I was, I believe, about mid-way through my studies with the Silent Eye School of Consciousness. Driving in my car, as I so often do, down a road so familiar cellular memory could take over and I could lose myself in my thoughts. How many of us have been down these types of roads? Lost in our own musings and not paying mind to what is happening around us?

That day, though, I was paying attention. I was looking with new eyes at what had become so familiar that, I realized, I had become accustomed to it to the point of acceptance. I was jarred into a reality that I found acutely disturbing. I was looking at the facade of a convenience store. A sight not at all uncommon, which is why I was deeply disturbed. Posters defaced the windows, calling eyes to drink in the alcoholic beverages held inside. Mouths to draw in the cancerous smoke of the tobacco sticks sold behind the counter.
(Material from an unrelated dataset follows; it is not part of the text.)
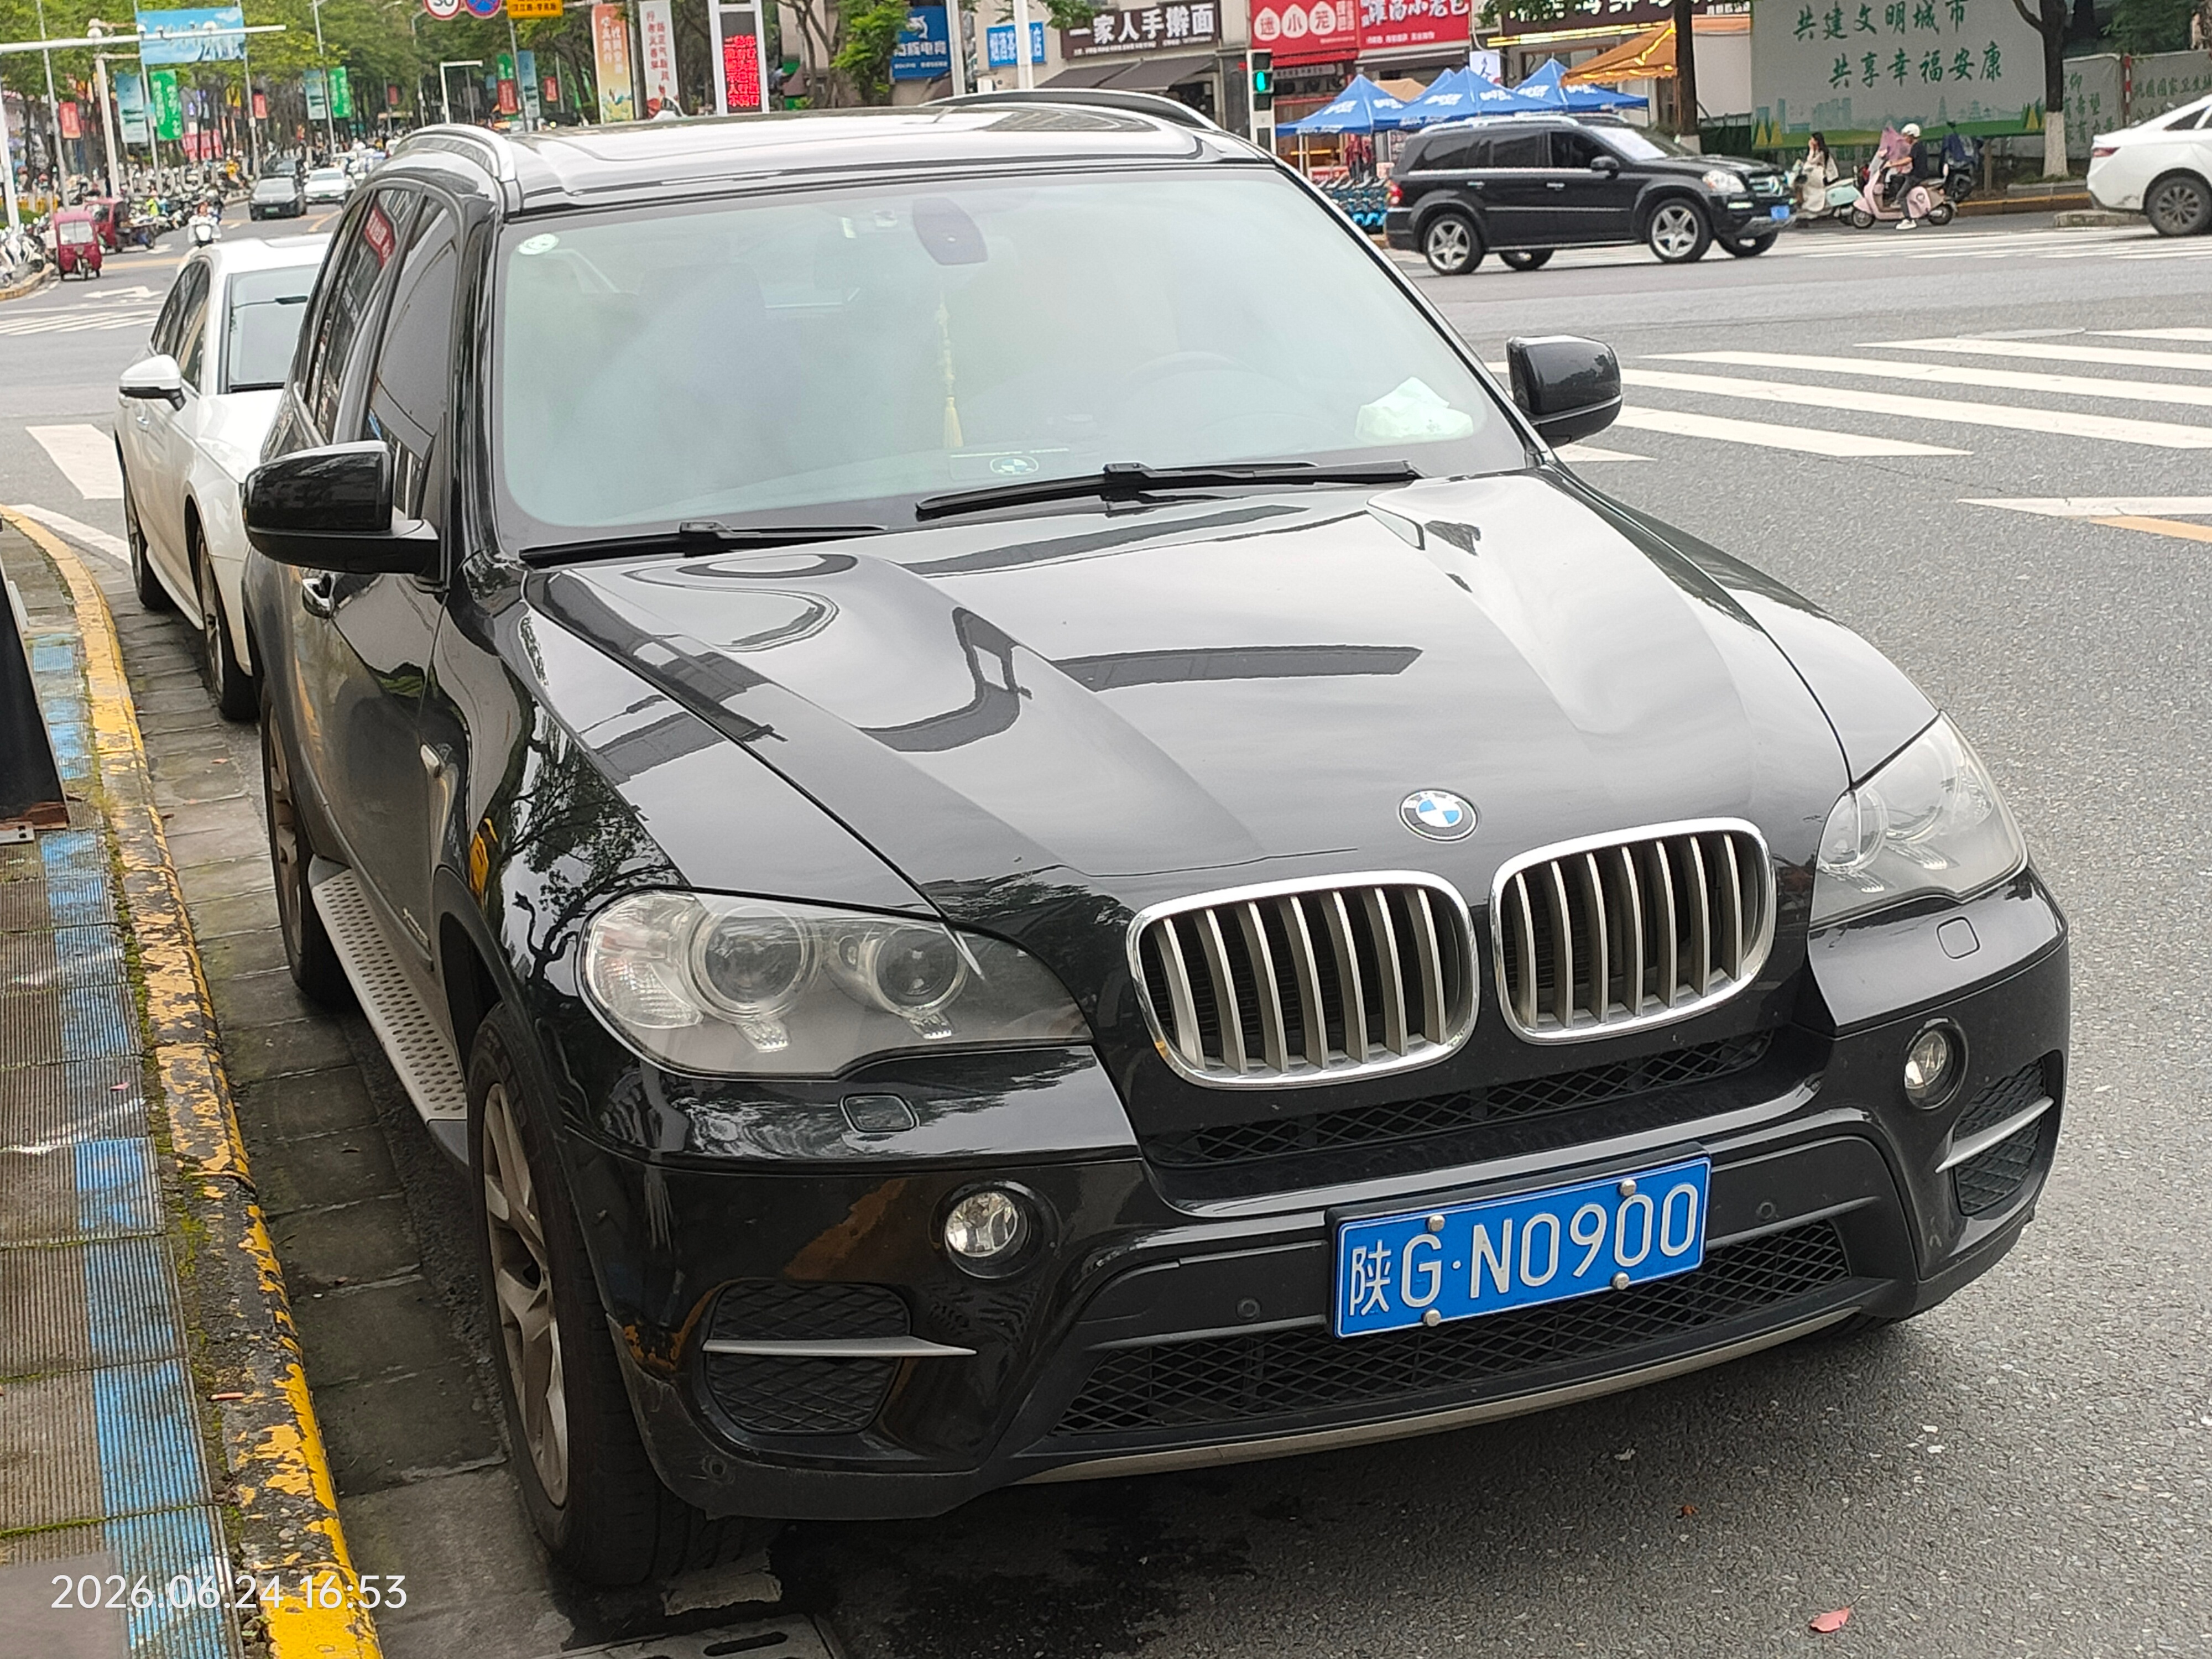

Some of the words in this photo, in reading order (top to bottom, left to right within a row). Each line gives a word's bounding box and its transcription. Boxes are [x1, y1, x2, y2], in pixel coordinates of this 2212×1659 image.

Bellies to fill with the carbonation of liquid chemicals laced with artificial sugars. Defile your body and numb your mind, they called out to every onlooker: man, woman, and child.

This is my world, I thought. This is what we have chosen for our life, collectively. I was deeply disturbed. Yet, I had also come to accept this, at least partially, driving along the roads and barely noticing my surroundings. Even, sometimes, stopping inside these stores to purchase a beverage or snack to fill my hungry body. And what about my mind?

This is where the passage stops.